### [PROBLEM DESCRIPTION]
Print each record exactly as it appears, but drop the images.

::: DATASET EXCERPTS

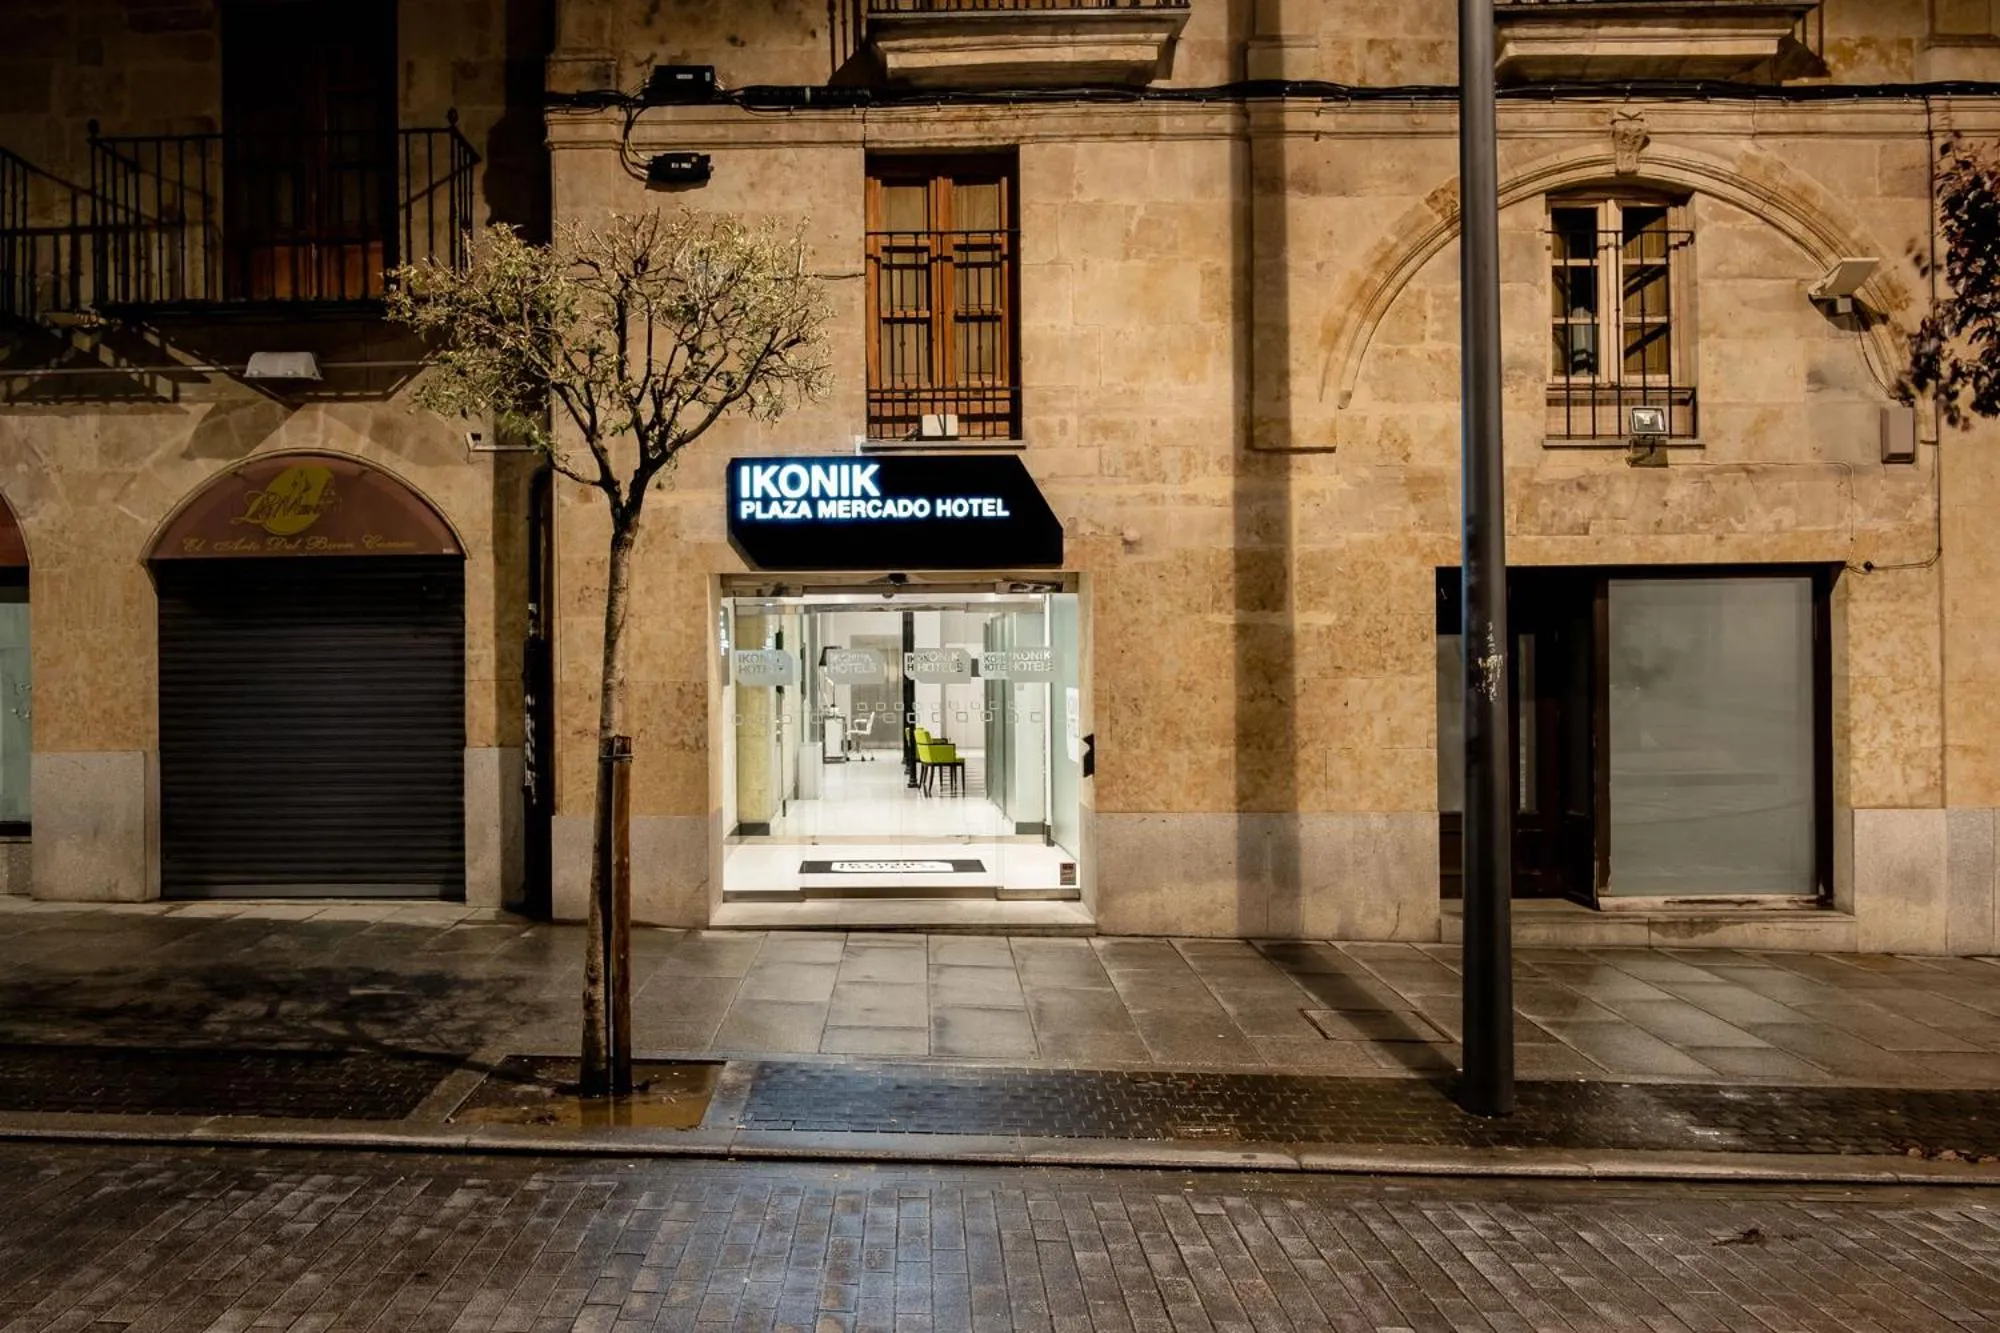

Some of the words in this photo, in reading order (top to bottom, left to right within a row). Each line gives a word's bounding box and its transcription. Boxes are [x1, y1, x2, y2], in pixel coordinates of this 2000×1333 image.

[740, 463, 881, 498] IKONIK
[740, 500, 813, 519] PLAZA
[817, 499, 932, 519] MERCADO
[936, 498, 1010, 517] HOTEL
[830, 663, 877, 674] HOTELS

::::::

### [ANSWER BOX]
Some of the words in this photo, in reading order (top to bottom, left to right within a row). Each line gives a word's bounding box and its transcription. Boxes are [x1, y1, x2, y2], in pixel coordinates of this 2000×1333 image.

[740, 463, 881, 498] IKONIK
[740, 500, 813, 519] PLAZA
[817, 499, 932, 519] MERCADO
[936, 498, 1010, 517] HOTEL
[830, 663, 877, 674] HOTELS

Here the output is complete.